## Exercise inputs
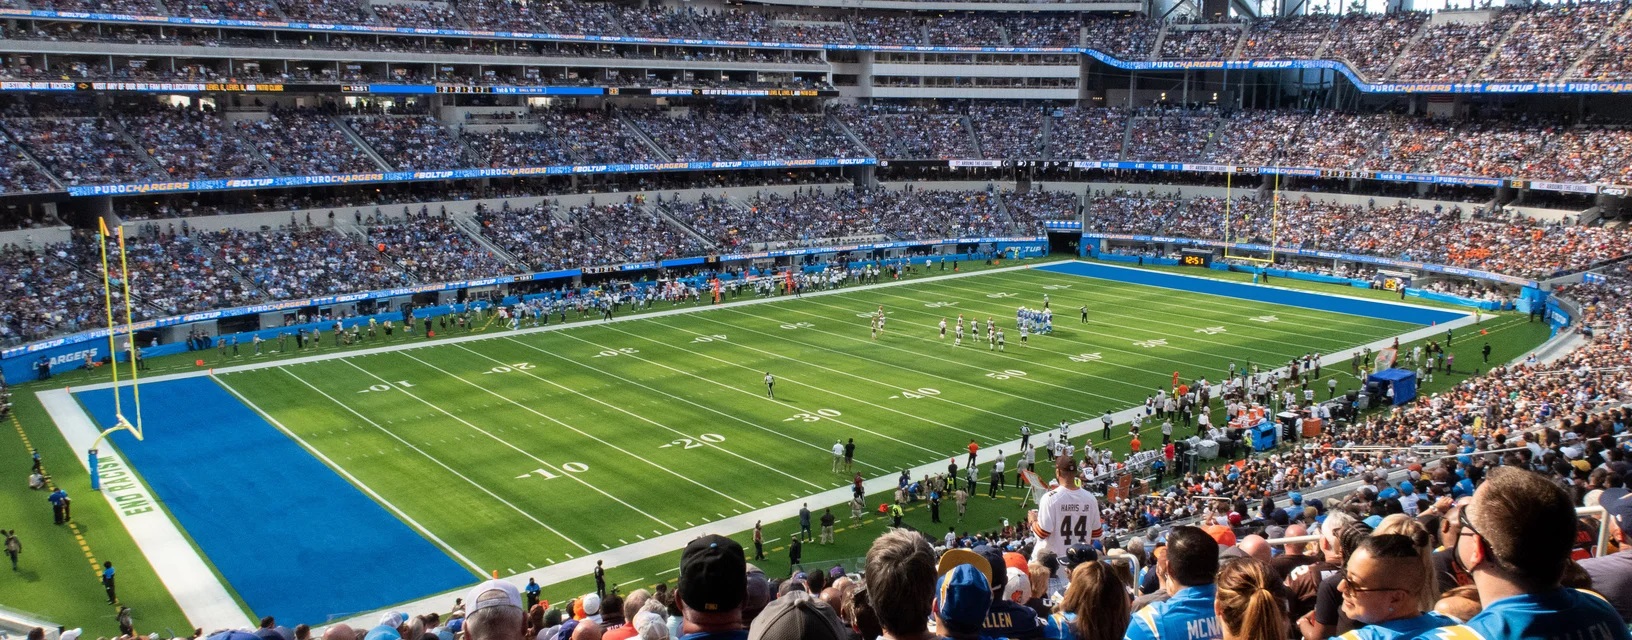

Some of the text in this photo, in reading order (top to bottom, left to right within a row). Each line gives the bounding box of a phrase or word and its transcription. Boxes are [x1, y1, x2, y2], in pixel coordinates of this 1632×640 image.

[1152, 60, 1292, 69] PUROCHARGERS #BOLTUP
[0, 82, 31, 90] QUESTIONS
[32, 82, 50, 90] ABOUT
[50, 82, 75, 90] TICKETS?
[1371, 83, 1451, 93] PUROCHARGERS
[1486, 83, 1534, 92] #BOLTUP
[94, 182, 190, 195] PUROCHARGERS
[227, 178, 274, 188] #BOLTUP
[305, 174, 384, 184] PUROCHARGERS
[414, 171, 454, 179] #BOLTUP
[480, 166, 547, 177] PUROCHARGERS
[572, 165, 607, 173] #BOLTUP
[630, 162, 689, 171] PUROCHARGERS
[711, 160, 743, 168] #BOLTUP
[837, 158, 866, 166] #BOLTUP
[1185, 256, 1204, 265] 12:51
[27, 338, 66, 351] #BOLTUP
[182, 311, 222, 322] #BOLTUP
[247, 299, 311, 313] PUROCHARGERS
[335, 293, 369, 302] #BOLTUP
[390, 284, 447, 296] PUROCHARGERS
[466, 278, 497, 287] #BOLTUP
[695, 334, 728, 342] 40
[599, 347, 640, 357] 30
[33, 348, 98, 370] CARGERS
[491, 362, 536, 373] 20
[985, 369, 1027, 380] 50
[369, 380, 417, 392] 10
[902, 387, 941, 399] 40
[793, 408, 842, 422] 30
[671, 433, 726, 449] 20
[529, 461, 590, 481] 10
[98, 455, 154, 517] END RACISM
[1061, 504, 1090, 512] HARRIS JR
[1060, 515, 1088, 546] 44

## Your goal
Every line above must appear in the answer unchanged, and no picture may appear in it.

## Answer box
Some of the text in this photo, in reading order (top to bottom, left to right within a row). Each line gives the bounding box of a phrase or word and its transcription. Boxes are [x1, y1, x2, y2], in pixel coordinates of this 1632×640 image.

[1152, 60, 1292, 69] PUROCHARGERS #BOLTUP
[0, 82, 31, 90] QUESTIONS
[32, 82, 50, 90] ABOUT
[50, 82, 75, 90] TICKETS?
[1371, 83, 1451, 93] PUROCHARGERS
[1486, 83, 1534, 92] #BOLTUP
[94, 182, 190, 195] PUROCHARGERS
[227, 178, 274, 188] #BOLTUP
[305, 174, 384, 184] PUROCHARGERS
[414, 171, 454, 179] #BOLTUP
[480, 166, 547, 177] PUROCHARGERS
[572, 165, 607, 173] #BOLTUP
[630, 162, 689, 171] PUROCHARGERS
[711, 160, 743, 168] #BOLTUP
[837, 158, 866, 166] #BOLTUP
[1185, 256, 1204, 265] 12:51
[27, 338, 66, 351] #BOLTUP
[182, 311, 222, 322] #BOLTUP
[247, 299, 311, 313] PUROCHARGERS
[335, 293, 369, 302] #BOLTUP
[390, 284, 447, 296] PUROCHARGERS
[466, 278, 497, 287] #BOLTUP
[695, 334, 728, 342] 40
[599, 347, 640, 357] 30
[33, 348, 98, 370] CARGERS
[491, 362, 536, 373] 20
[985, 369, 1027, 380] 50
[369, 380, 417, 392] 10
[902, 387, 941, 399] 40
[793, 408, 842, 422] 30
[671, 433, 726, 449] 20
[529, 461, 590, 481] 10
[98, 455, 154, 517] END RACISM
[1061, 504, 1090, 512] HARRIS JR
[1060, 515, 1088, 546] 44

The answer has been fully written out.